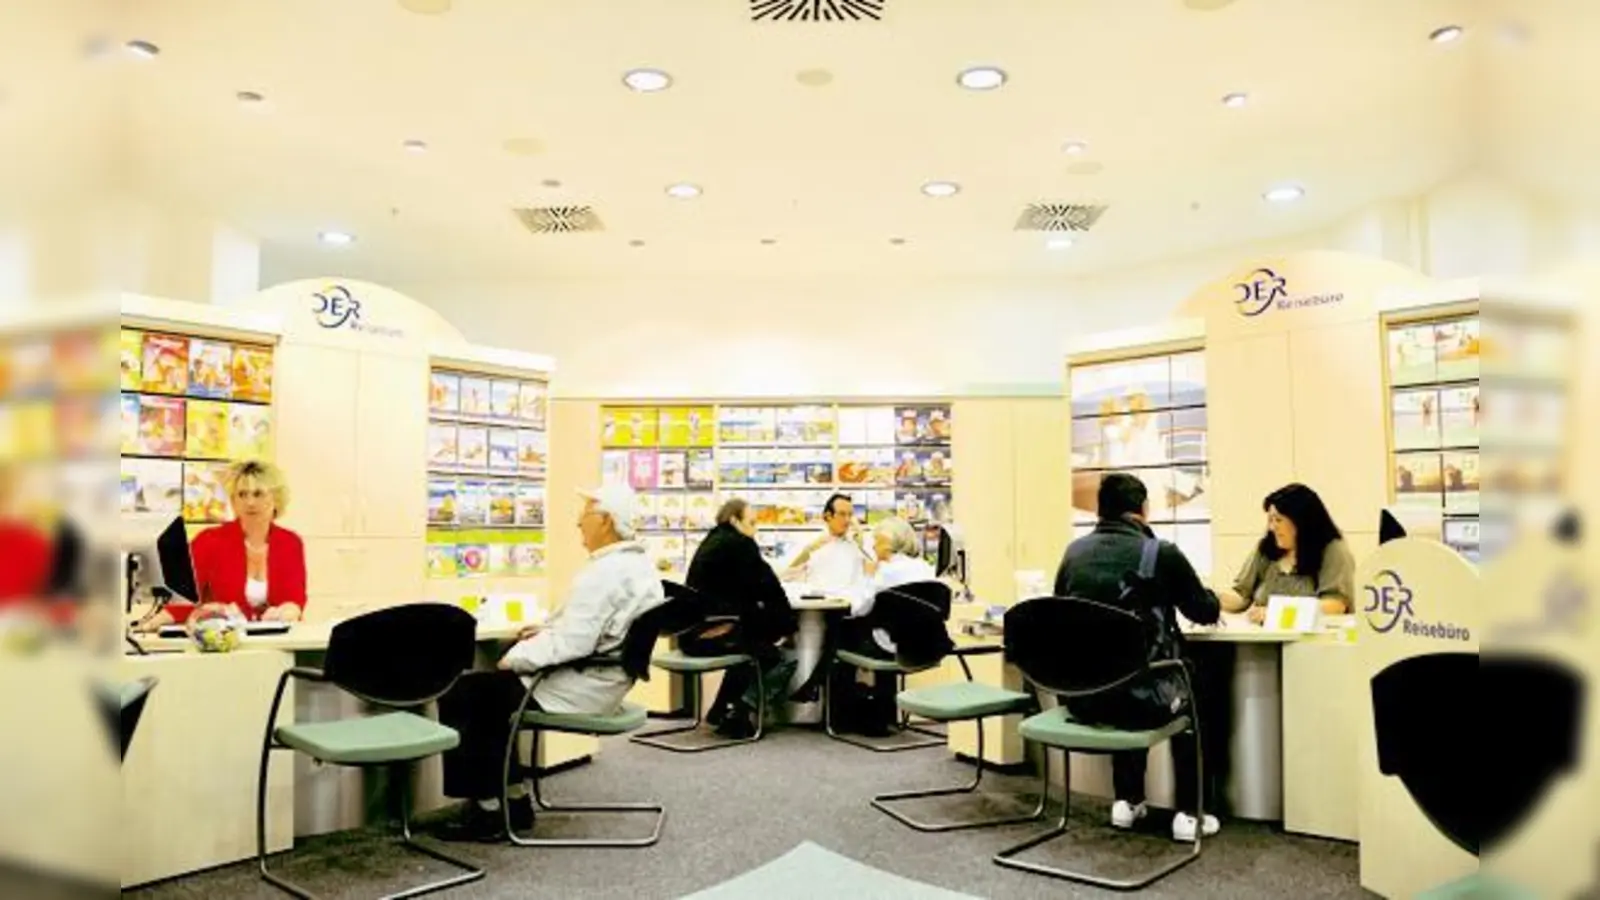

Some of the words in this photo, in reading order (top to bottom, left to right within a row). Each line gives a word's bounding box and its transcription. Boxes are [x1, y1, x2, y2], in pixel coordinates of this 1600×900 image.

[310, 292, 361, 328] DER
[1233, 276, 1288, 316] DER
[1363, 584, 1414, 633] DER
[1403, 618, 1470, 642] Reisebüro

......

▸ **WHAT IS NEEDED**
Write the material out again exactly. Skip each picture.

▸ **WRITTEN SOLUTION**
Some of the words in this photo, in reading order (top to bottom, left to right within a row). Each line gives a word's bounding box and its transcription. Boxes are [x1, y1, x2, y2], in pixel coordinates of this 1600×900 image.

[310, 292, 361, 328] DER
[1233, 276, 1288, 316] DER
[1363, 584, 1414, 633] DER
[1403, 618, 1470, 642] Reisebüro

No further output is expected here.